The play premiered at Henry Miller's Theatre, New York, on 3 November 1926, and ran for 313 performances. The producer and director was Gilbert Miller. The play starred Holbrook Blinn and Catherine Dale Owen.

The play was produced at the Empire Theatre, New York, opening on 9 April 1928 and running for 24 performances. The play again was directed by Gilbert Miller and starred Holbrook Blinn.

At the St James's Theatre in London, the play opened 4 December 1928. It was produced by Gerald du Maurier, with Gilbert Miller as director. The play starred Gerald du Maurier and Ursula Jeans.

The play opened at the Booth Theatre, New York, on 28 April 1948. This production ran for 244 performances. The producers were Gilbert Miller, James Russo, and Michael Ellis. Gilbert Miller directed the play. The stars were Louis Calhern and Faye Emerson. Ernest Cossart also featured, during a period in which he combined Hollywood films with New York and touring stage appearances.

At the Roundabout Theater, New York, the play opened on 9 January 1973 and ran for 64 performances.
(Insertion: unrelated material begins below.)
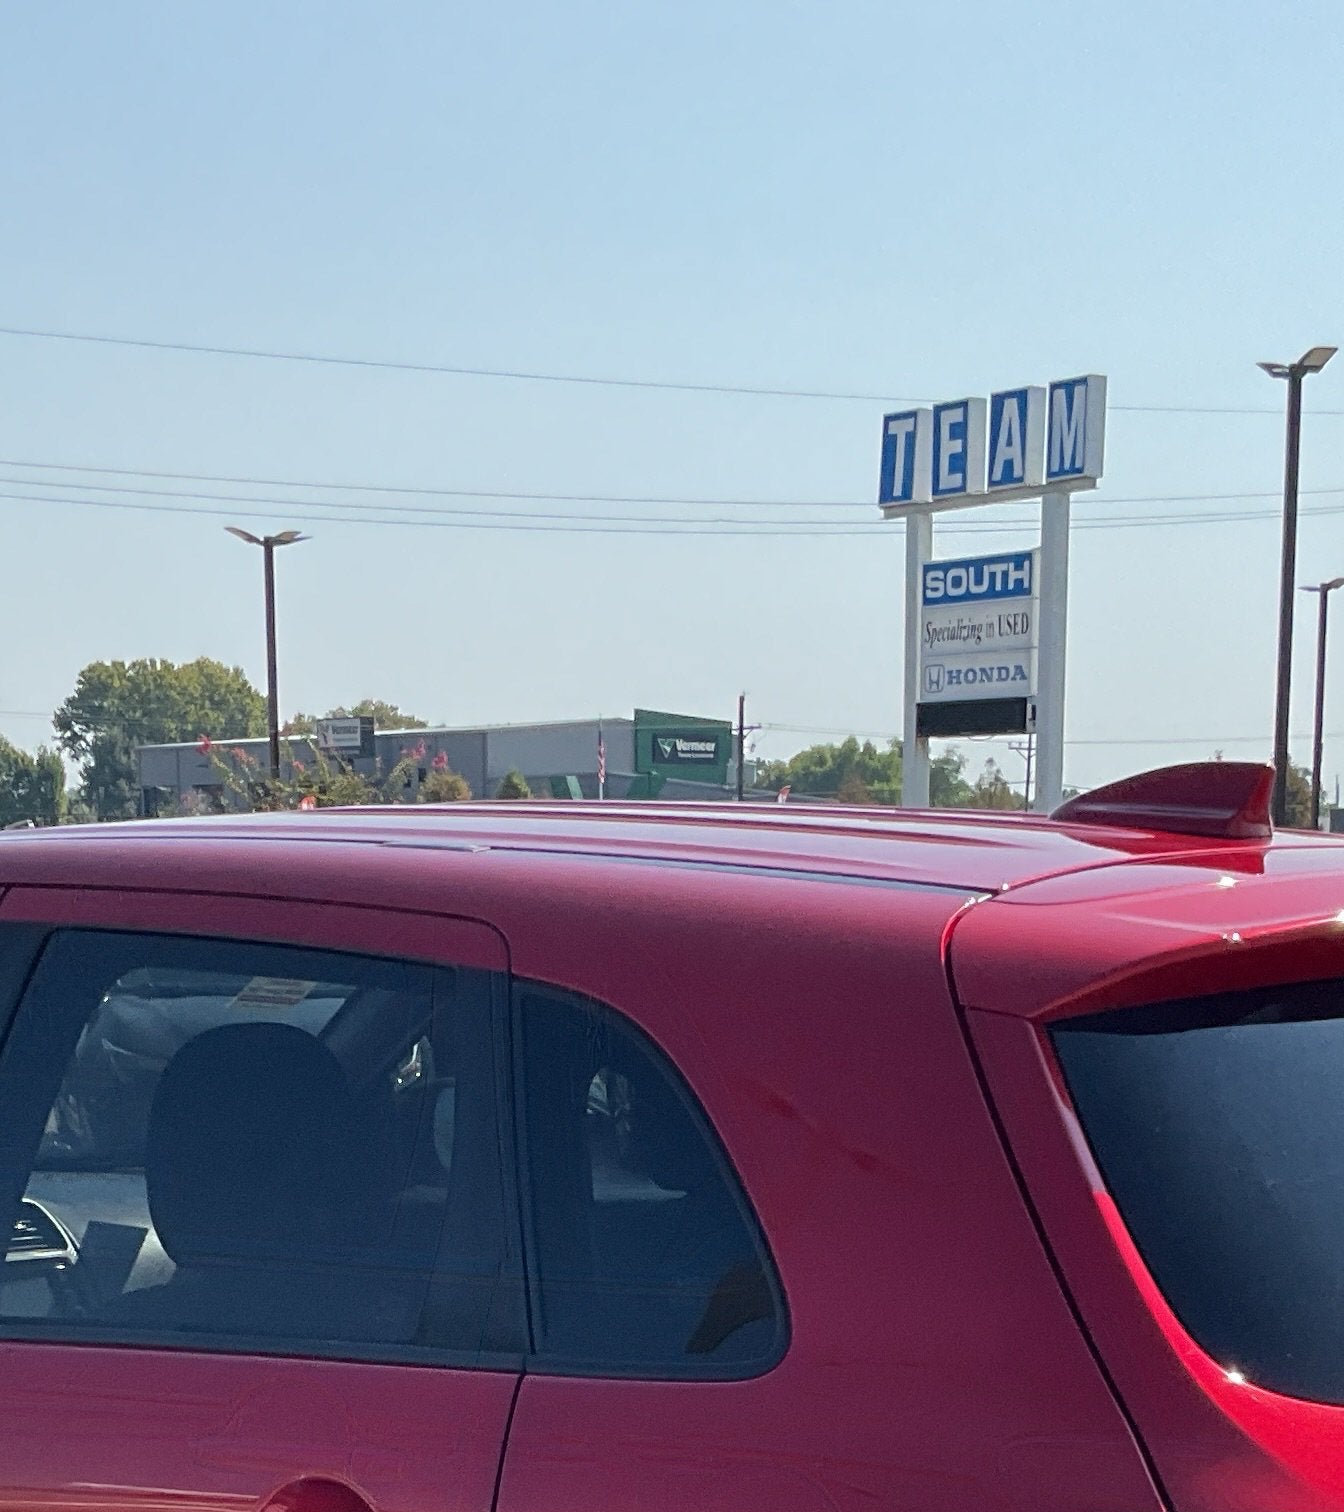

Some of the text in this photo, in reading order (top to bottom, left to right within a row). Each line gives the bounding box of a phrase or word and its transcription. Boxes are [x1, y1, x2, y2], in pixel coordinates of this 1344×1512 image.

It was directed by Gene Feist, and starred Hugh Franklin and Elizabeth Owens. The production moved to the Bijou Theater, New York, where it opened 7 May 1973 and ran for 23 performances and 14 previews.

It opened at the Brooklyn Academy of Music on 22 February 1978, and ran through 19 March 1978. Directed by Frank Dunlop, the play starred René Auberjonois and Carole Shelley.
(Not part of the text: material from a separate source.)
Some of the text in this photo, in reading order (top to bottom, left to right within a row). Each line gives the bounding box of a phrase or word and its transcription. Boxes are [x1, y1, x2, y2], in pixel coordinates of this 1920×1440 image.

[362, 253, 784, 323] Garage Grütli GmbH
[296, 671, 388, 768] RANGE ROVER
The play was presented by the Cambridge Theatre Company in Oxford, England. It opened 26 May 1981 and ran for 6 performances. The director was Bill Pryde and the designer Poppy Mitchel. It starred Leslie Randall, Elizabeth Estensen, Trevor Baxter, and Paul Imbusch.
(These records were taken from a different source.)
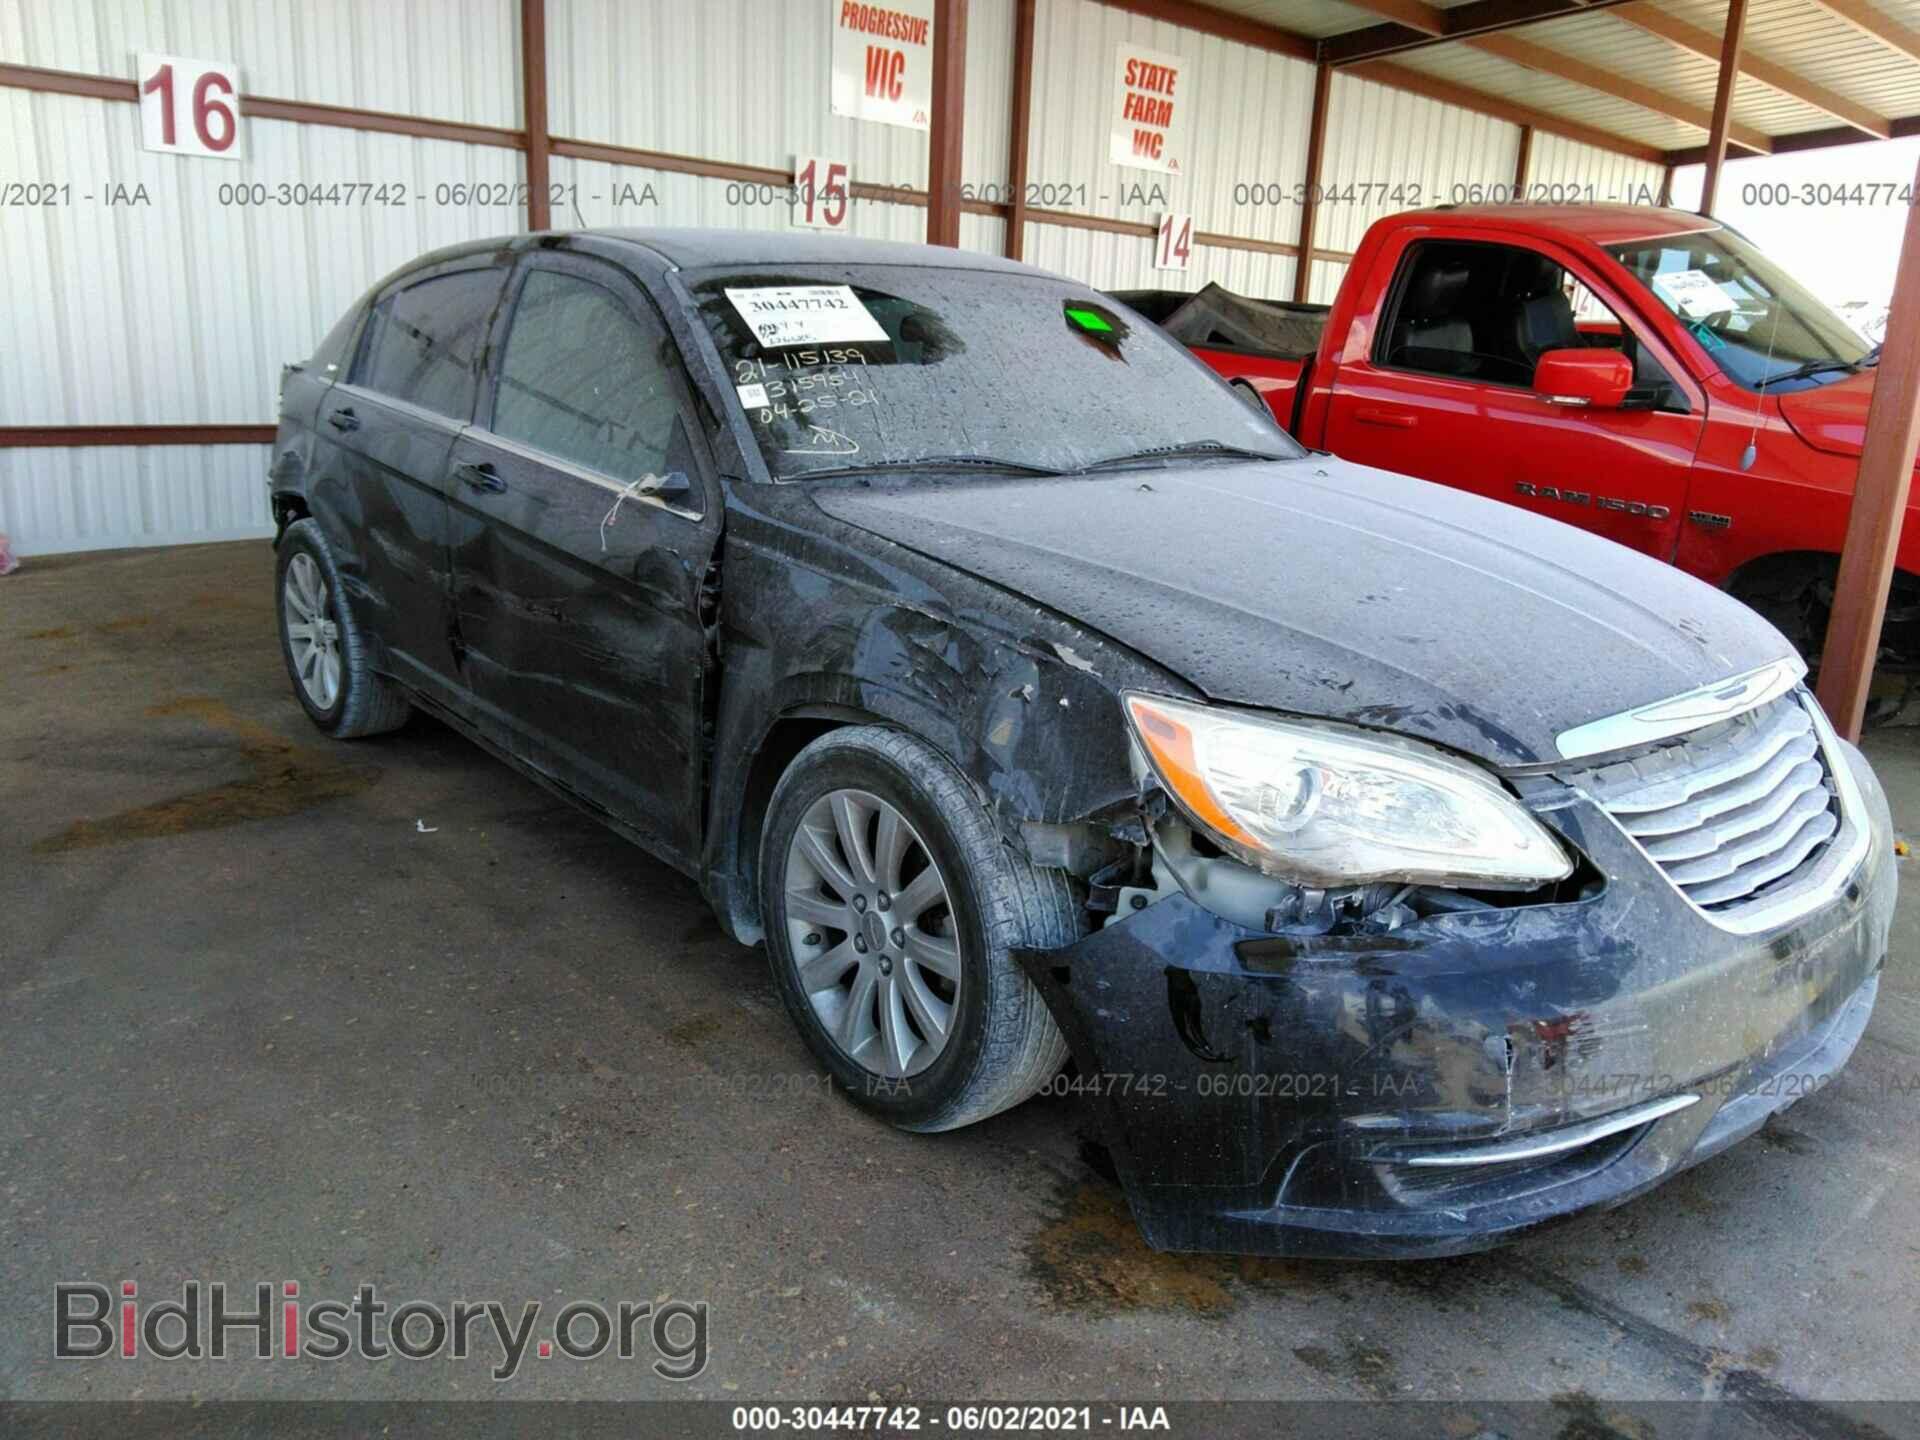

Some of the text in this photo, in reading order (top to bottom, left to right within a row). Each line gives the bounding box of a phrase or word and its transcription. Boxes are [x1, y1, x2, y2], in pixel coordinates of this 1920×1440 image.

[840, 1, 929, 46] PROGRESSIVE
[865, 44, 905, 102] VIC
[1125, 57, 1178, 96] STATE
[143, 63, 237, 152] 16
[1123, 92, 1174, 128] FARM
[1132, 128, 1164, 161] VIC
[799, 159, 848, 226] 15
[1161, 214, 1192, 268] 14
[749, 298, 849, 313] 30447742
[735, 348, 867, 384] 21-115139
[765, 369, 862, 398] 315954
[760, 389, 880, 424] 04-25-21
[1515, 480, 1671, 521] RAM 1500
In 1995, the play opened at the Criterion Center Stage Right on July 9. It ran for 45 performances. The cast included Peter Frechette as Sandor Turai, J. Smith-Cameron as Ilona Szabo, Joe Grifasi as Mansky, Paul Benedict as Johann Dwornitschek, Jay Goede as Albert Adam, Keith Reddin as Mr. Mell, and Jeff Weiss as Almady.

The play was performed in 2015 at the Young Centre for the Performing Arts in Toronto, Canada, by the Soulpepper theatre company, which had previously presented the play in 1999 and in 2003. In all three productions, László Marton was the director and Diego Matamoros starred as Sandor Turai.

==Publication history==
The play was published on 7 February 1927 by Brentano's, New York.

It was printed in Theatre Arts Magazine, New York, in March 1949.

In 1953, the play was published as The Play's the Thing: A Comedy in Three Acts by Samuel French.

The Play's the Thing was printed in the 1957 anthology Twenty Best European Plays on the American Stage, published by Crown, New York. The anthology was edited by John Gassner.

The play was included in the 1983 book Four Plays, a collection of four plays by P. G. Wodehouse published by Methuen London Ltd. The other plays in the collection are Good Morning, Bill, Leave It to Psmith, and Come On, Jeeves.

Wodehouse gave a possible nod to the play by naming a character "Princess Dwornitzchek" in his 1937 novel Summer Moonshine.